CrushFTP, in an advisory, stated it first detected the zero-day exploitation of the vulnerability within the wild on July 18, 2025, 9 a.m. CST, though it acknowledged that it might have been weaponized a lot earlier.
“The assault vector was HTTP(S) for a way they may exploit the server,” the corporate stated. “We had mounted a special subject associated to AS2 in HTTP(S) not realizing {that a} prior bug may very well be used like this exploit was. Hackers apparently noticed our code change, and found out a strategy to exploit the prior bug.”
CrushFTP is extensively utilized in authorities, healthcare, and enterprise environments to handle delicate file transfers, making administrative entry particularly harmful. A compromised occasion can enable attackers to exfiltrate information, inject backdoors, or pivot into inside techniques that depend on the server for trusted change. With out DMZ isolation, the uncovered occasion turns into a single level of failure.
The corporate stated the unknown risk actors behind the malicious exercise managed to reverse engineer its supply code and found the brand new flaw to focus on gadgets which are but to be up to date to the most recent variations. It is believed that CVE-2025-54309 was current in CrushFTP builds previous to July 1.
CrushFTP has additionally launched the next indicators of compromise (IoCs) –
- Default consumer has admin entry
- Lengthy random consumer IDs created (e.g., 7a0d26089ac528941bf8cb998d97f408m)
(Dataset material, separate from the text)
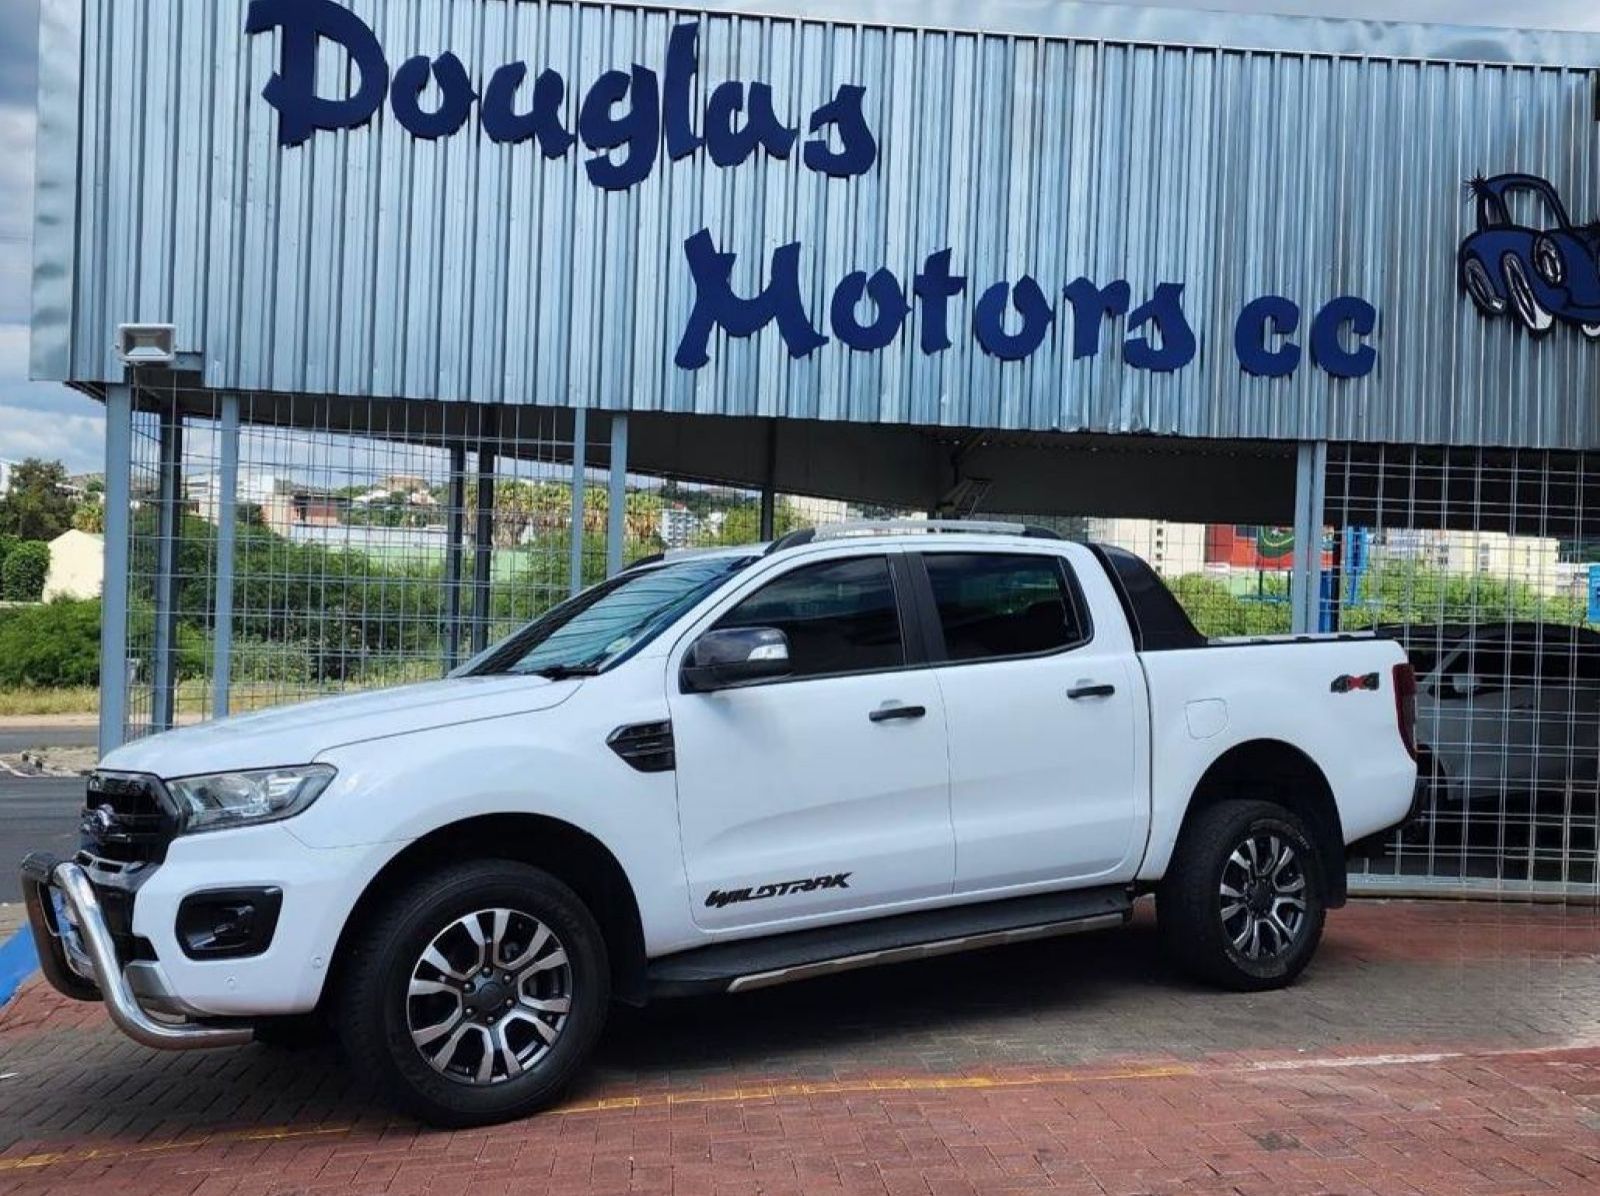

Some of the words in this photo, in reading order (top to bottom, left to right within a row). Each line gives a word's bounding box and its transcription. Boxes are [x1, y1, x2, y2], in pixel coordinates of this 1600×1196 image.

- Different new usernames created with admin entry
- The file “MainUsers/default/consumer.xml” was lately modified and has a “last_logins” worth in it
- Buttons from the top consumer net interface disappeared, and customers beforehand recognized as common customers now have an Admin button
Safety groups investigating doable compromise ought to overview consumer.xml modification occasions, correlate admin login occasions with public IPs, and audit permission adjustments on high-value folders. It is also important to search for suspicious patterns in entry logs tied to newly created customers or unexplained admin function escalations, that are typical indicators of post-exploitation habits in real-world breach situations.
As mitigations, the corporate recommends that customers restore a previous default consumer from the backup folder, in addition to overview add/obtain studies for any indicators of suspicious transfers. Different steps embrace –
- Restrict the IP addresses used for administrative actions
- Allowlist IPs that may connect with the CrushFTP server
- Change to DMZ CrushFTP occasion for enterprise use
- Guarantee computerized updates are enabled
At this stage, the precise nature of the assaults exploiting the flaw will not be identified. Earlier this April, one other security defect in the identical answer (CVE-2025-31161, CVSS rating: 9.8) was weaponized to ship the MeshCentral agent and different malware.
Final 12 months, it additionally emerged {that a} second crucial vulnerability impacting CrushFTP (CVE-2024-4040, CVSS rating: 9.8) was leveraged by risk actors to focus on a number of U.S. entities.
With a number of high-severity CVEs exploited over the previous 12 months, CrushFTP has emerged as a recurring goal in superior risk campaigns. Organizations ought to think about this sample as a part of broader risk publicity assessments, alongside patch cadence, third-party file switch dangers, and zero-day detection workflows involving distant entry instruments and credential compromise.